その間にアインとクロムは、サイクロプスの背後へと回りこんでいく。サイクロプスのヘイトは完全にこちらに向いているため、二人のことを気にも留めていない。
サイクロプスがついに俺の近くまで到達し、その巨腕を豪快に振り下ろして攻撃してくる。だが、サイクロプスはもとよりそこまで素早くない上にディアボリックウルフに比べると月とすっぽんという感じだったので、避けるのはとても簡単だった。
そのままサイクロプスの攻撃を避けながら、隙を見て攻撃をしていく。すると二人が完全にサイクロプスの背後に回りこみ、こちらに合図を送ってくる。
よし、始めるとするか。
サイクロプスの攻撃を避け、隙だらけのその巨体に攻撃を仕掛ける。
「『風刃』」
狙いはもちろん、露骨な弱点である目だ。
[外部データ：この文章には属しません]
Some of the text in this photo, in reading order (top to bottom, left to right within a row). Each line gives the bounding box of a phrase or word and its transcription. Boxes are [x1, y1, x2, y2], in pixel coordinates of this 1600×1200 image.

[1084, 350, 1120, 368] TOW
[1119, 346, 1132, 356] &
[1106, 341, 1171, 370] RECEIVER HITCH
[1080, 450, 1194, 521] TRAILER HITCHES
俺の『風刃』を目に受けたサイクロプスは、叫び声を上げながら両手で顔を覆いのけぞる。
「今だ!」
それを見た俺の合図で、アインとクロムが動き出す。
「『爆・螺旋拳』!」
アインの放った右拳はサイクロプスの右膝裏に突き刺さり、爆発を引き起こす。
「『クレセントムーン』、『メテオアヴァランチ』!」
クロムの右手に握られた片手剣が三日月を描くような斬撃を、そして左手に握られた片手剣が爆発的に加速し突きを、サイクロプスの左膝裏にそれぞれ叩き込んだ。
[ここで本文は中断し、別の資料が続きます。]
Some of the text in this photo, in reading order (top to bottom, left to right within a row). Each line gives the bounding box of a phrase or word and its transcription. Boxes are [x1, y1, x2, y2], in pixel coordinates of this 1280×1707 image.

俺に目を攻撃され、のけぞっていたサイクロプス。その状態で両膝の裏に強烈な攻撃を食らえばどうなるか。まるで膝カックンを食らったように両膝が折れ曲がり、サイクロプスは尻餅をつくかたちとなった。
「『天断』!」
その状態のサイクロプスへ、容赦無く天からの斬撃をお見舞いする。このスキル、擬似的に伸ばした刀で切るというよりも振り下ろして叩きつけるといった方が正しい気がする。
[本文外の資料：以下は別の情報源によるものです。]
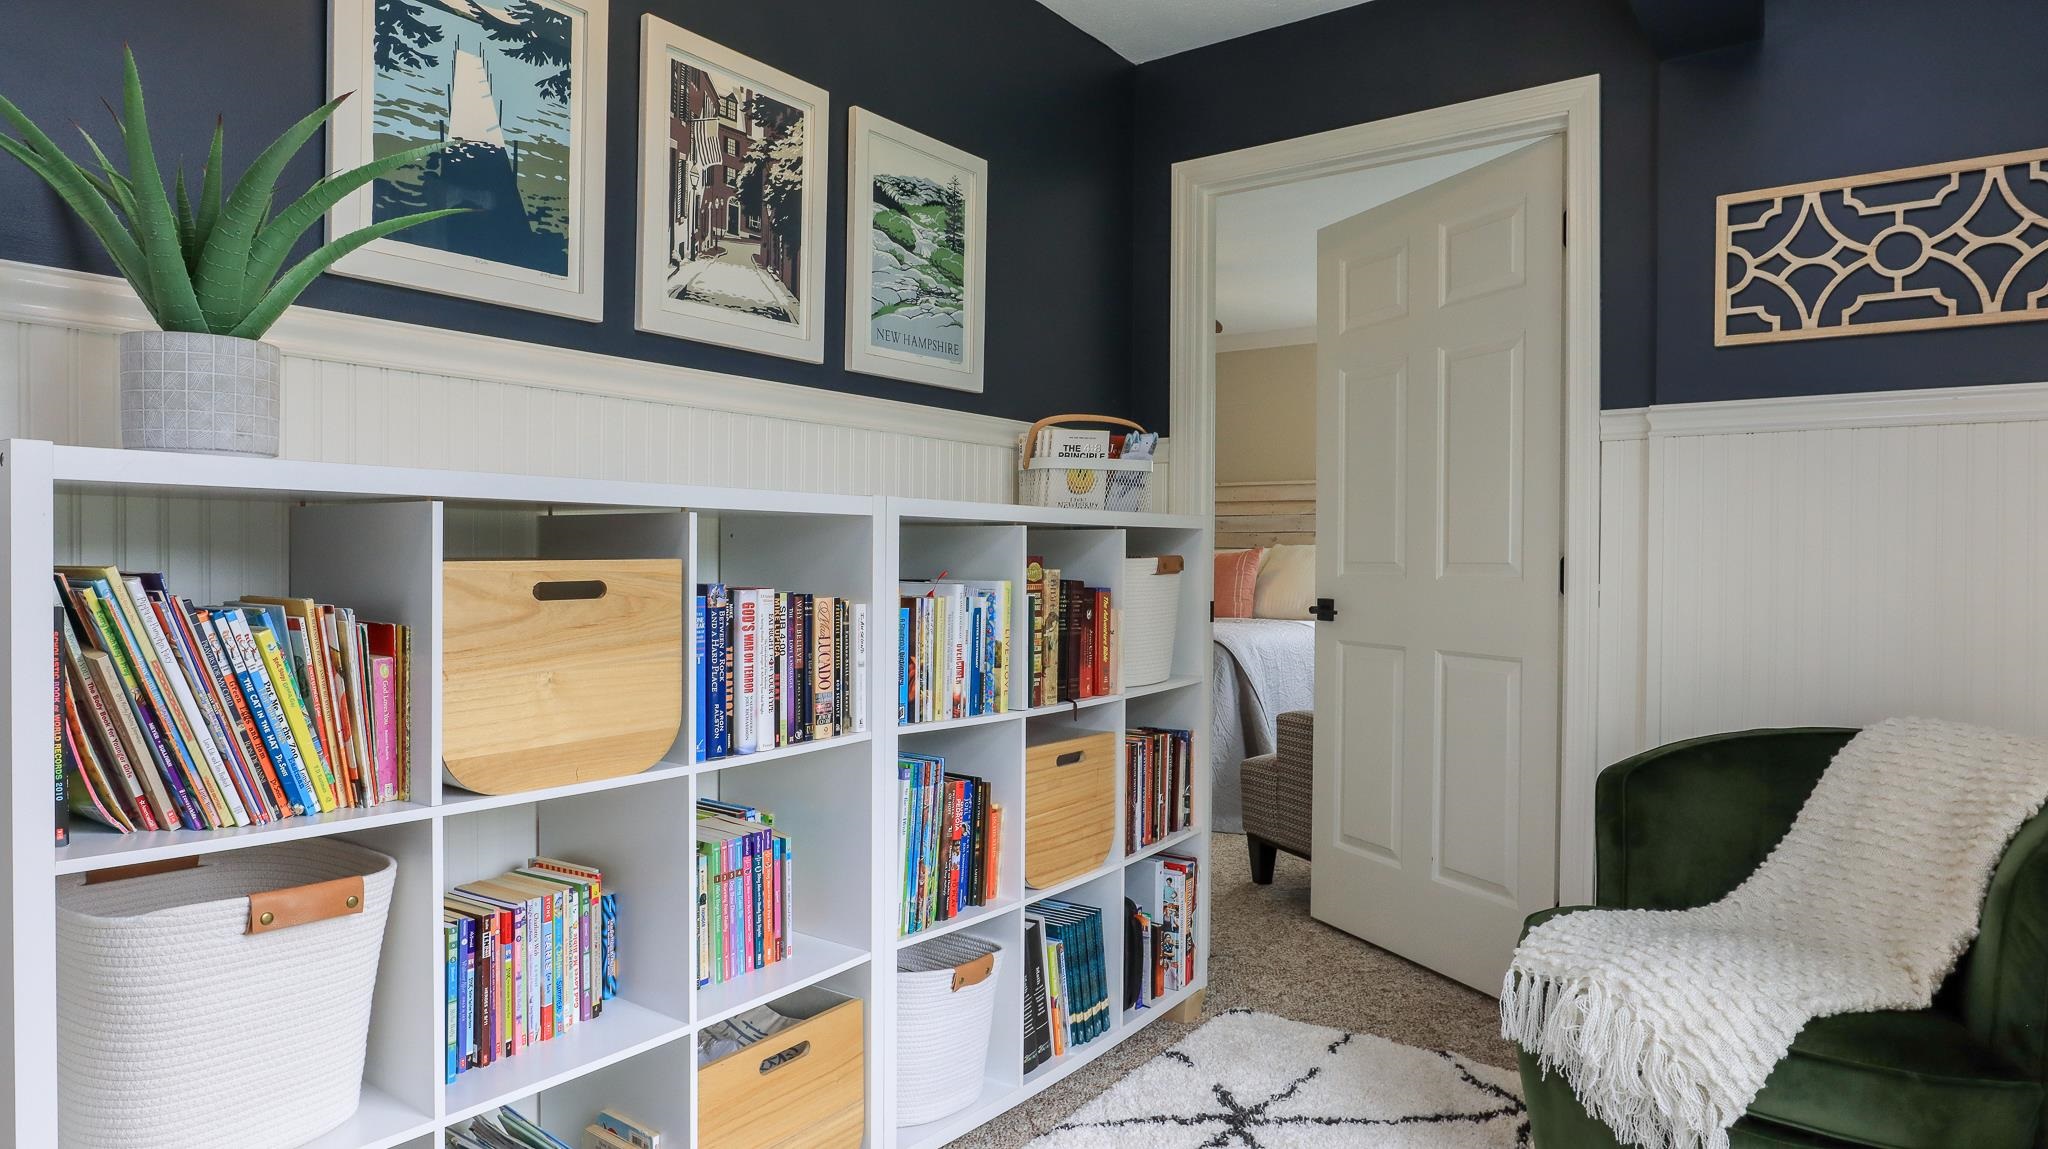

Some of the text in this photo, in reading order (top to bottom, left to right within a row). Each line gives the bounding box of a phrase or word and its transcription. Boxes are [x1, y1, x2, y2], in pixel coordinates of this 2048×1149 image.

[876, 327, 959, 356] NEW HAMPSHIRE
[1063, 444, 1081, 452] THE
[711, 629, 717, 637] A
[741, 602, 754, 693] GOD'S WAR ON TERROR
[817, 635, 831, 690] LUCADO
[86, 681, 96, 694] The
[91, 693, 104, 711] Body
[242, 677, 278, 751] THE CAT IN THE HAT
[99, 710, 111, 727] Book
[228, 679, 266, 760] Green Eggs and Ham
[262, 680, 300, 760] Put Me in the Zoo
[106, 727, 116, 738] for
[147, 721, 173, 768] MEYER SULLIVAN
[54, 743, 62, 779] RECORDS
[109, 737, 127, 764] Younger
[122, 763, 134, 779] Girls
[274, 754, 288, 777] Dr. Seuss
[55, 782, 63, 800] 2010
[953, 798, 961, 831] PEDROIA
[962, 798, 970, 816] JOEL
[544, 933, 552, 969] PARIS
[573, 955, 578, 965] Me
その証拠に、『天断』を頭頂部に叩き込まれたサイクロプスはその勢いに負け、そのまま身体を地面へと叩きつけられた。
「よし!顔面に叩き込んでやれ!」
地にその巨躯を横たえたサイクロプス。この状態ならば、弱点である目を攻撃するのになんの苦労も無い。
「よっしゃぁ!『剛轟鉄槌』!」
アインが飛び上がり、極限まで振りかぶった拳を鉄槌のように振り下ろす。とんでもない轟音とともに拳がサイクロプスの目へと突き刺さり、そのままの勢いでサイクロプスの頭部が地面に叩きつけられる。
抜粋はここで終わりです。